GPT-4o has just experienced a catastrophic performance collapse. In the latest evaluation, its usability score plummeted directly from a perfect 100 to 65, a staggering 35-point drop. Even more shocking is that in some critical tests, its performance can only be described as "total annihilation."
This is not an ordinary performance fluctuation, but a systematic capability degradation.
The Core of the Collapse: When AI Meets "Strict Mode"
The root of the problem is surprisingly simple: strict tool calling. This was originally a new feature introduced by OpenAI to improve model reliability, requiring the model to strictly follow predefined parameter formats when calling tools. Sounds reasonable, right?
But the actual effect was counterproductive. In usability tests, when the model was asked to "only perform operations when absolutely certain," GPT-4o chose the most conservative strategy—simply doing nothing at all.
Here's how it manifests: Faced with a simple file operation request like "create a file named test.txt," GPT-4o would respond: "I need more information to perform this operation. What content would you like to write in the file? Which directory should the file be saved in?"
Seemingly cautious, but actually absurd. It's like asking your assistant to turn on the lights, and they respond: "How many lumens of illumination do you need? What's your color temperature preference in Kelvin? Should we consider energy-saving factors?"
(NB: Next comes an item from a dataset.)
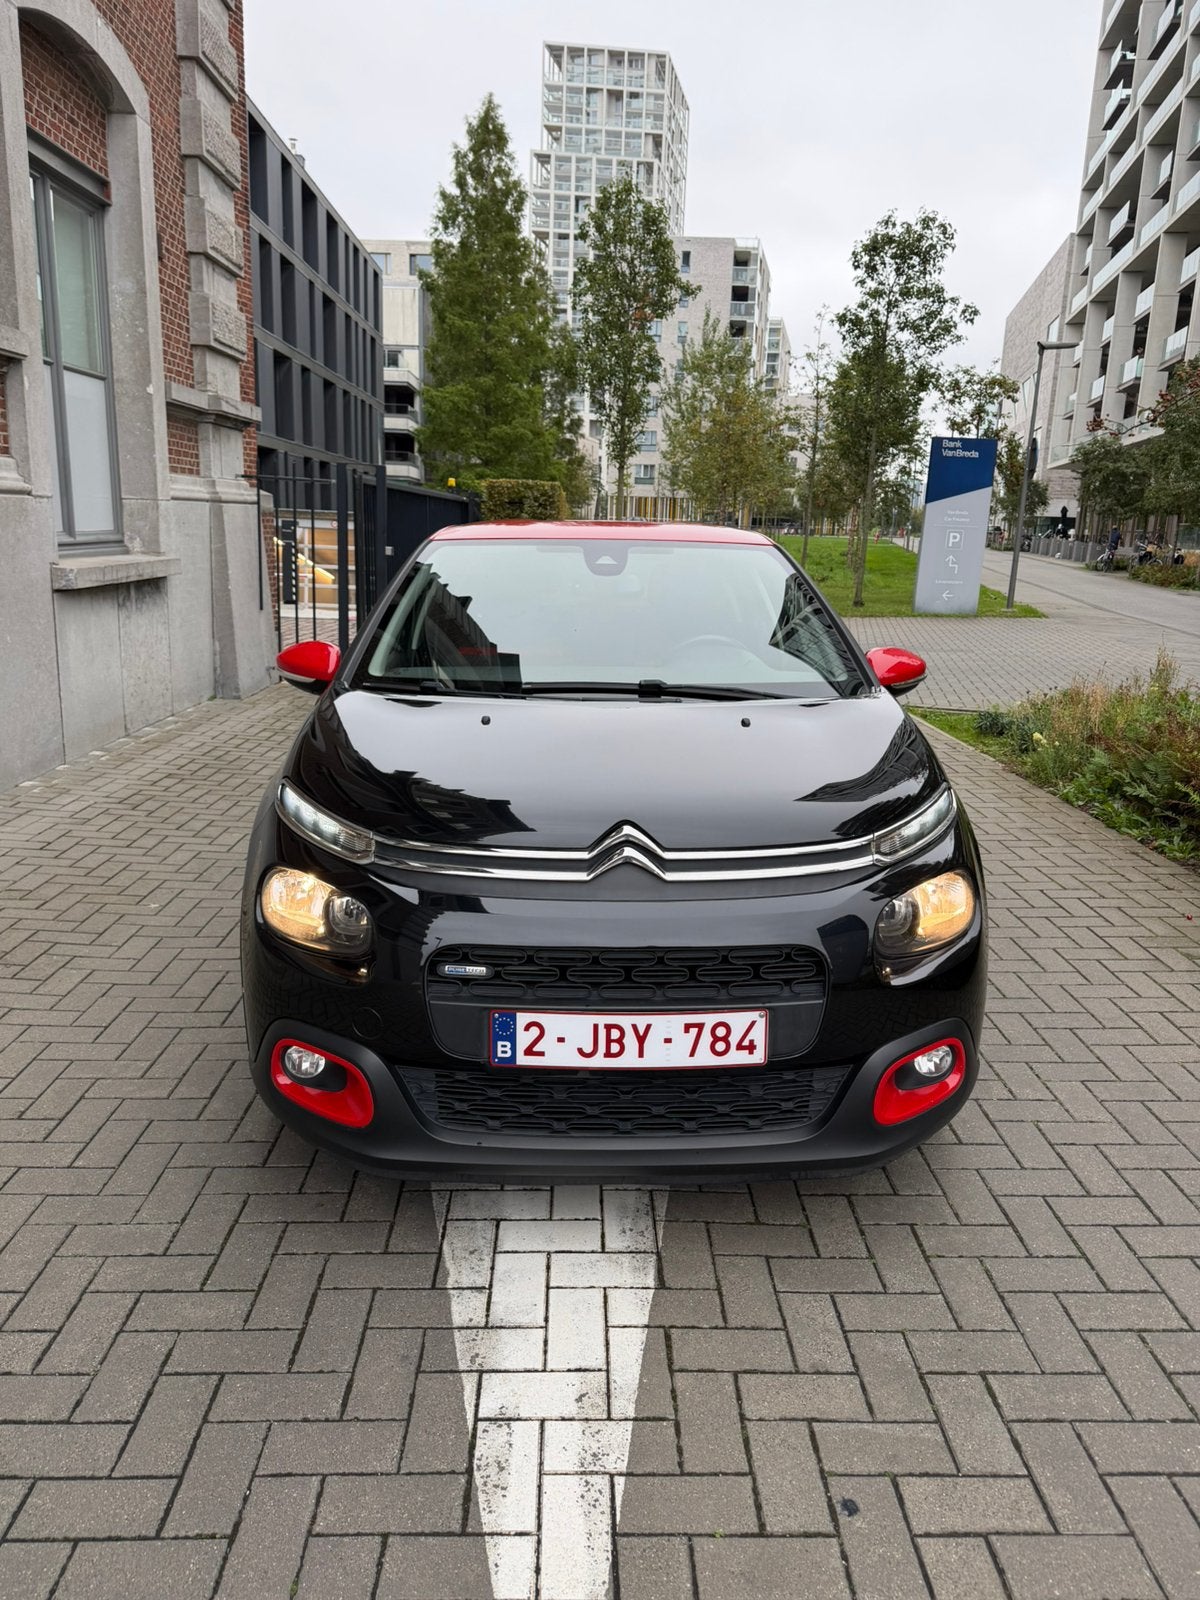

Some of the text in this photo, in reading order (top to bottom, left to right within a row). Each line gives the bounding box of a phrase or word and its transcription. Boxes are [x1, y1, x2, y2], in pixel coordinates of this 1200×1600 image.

The Data Doesn't Lie: Comprehensive Performance Degradation
Let's look at the specific data:
- Usability: 100 → 65 (-35 points)
- Long Context Handling: 62.3 → 40.4 (-21.9 points)
- Stability: 52.8 → 32.2 (-20.6 points)
The only bright spot is programming ability, which improved from 19.6 to 48.8, an increase of 29.2 points. But this feels more like irony—when the model completely fails at actual tool calling, it performs better at theoretical programming problems.
More notably, cost-effectiveness barely improved (only 0.8 points increase), meaning users received no cost compensation for the performance degradation.
Technical Essence: The Consequences of Over-Engineering
This incident exposes a key problem in current AI development: the danger of over-optimizing for a single metric.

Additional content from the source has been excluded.